**WORK ITEM**
Find the line in the data below that contains "this 1440×960 image.". Return that line and all the lines after it, unchanged.

**INPUT DATA**
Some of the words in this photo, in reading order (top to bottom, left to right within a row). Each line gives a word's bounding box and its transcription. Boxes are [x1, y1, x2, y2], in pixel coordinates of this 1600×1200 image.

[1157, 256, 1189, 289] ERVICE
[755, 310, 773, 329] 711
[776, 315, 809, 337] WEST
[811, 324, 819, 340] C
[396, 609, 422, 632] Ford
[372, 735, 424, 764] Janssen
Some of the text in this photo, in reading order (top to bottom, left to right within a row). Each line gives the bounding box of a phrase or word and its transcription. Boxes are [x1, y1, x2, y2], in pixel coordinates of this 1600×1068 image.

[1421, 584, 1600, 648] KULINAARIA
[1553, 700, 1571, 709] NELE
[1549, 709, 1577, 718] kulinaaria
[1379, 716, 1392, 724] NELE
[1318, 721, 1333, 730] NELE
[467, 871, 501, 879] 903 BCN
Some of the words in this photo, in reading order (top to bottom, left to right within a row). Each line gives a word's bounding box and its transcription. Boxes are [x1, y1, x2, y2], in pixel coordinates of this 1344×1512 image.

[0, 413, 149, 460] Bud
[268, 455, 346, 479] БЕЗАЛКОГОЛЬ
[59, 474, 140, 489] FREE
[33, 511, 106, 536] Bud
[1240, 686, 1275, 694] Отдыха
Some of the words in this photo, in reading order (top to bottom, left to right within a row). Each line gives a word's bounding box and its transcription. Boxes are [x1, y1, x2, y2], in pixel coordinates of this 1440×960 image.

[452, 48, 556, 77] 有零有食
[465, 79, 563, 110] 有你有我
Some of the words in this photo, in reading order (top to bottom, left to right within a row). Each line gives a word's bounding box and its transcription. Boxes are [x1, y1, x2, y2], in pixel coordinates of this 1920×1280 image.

**RESPONSE FOR THIS EXERCISE**
Some of the words in this photo, in reading order (top to bottom, left to right within a row). Each line gives a word's bounding box and its transcription. Boxes are [x1, y1, x2, y2], in pixel coordinates of this 1440×960 image.

[452, 48, 556, 77] 有零有食
[465, 79, 563, 110] 有你有我
Some of the words in this photo, in reading order (top to bottom, left to right within a row). Each line gives a word's bounding box and its transcription. Boxes are [x1, y1, x2, y2], in pixel coordinates of this 1920×1280 image.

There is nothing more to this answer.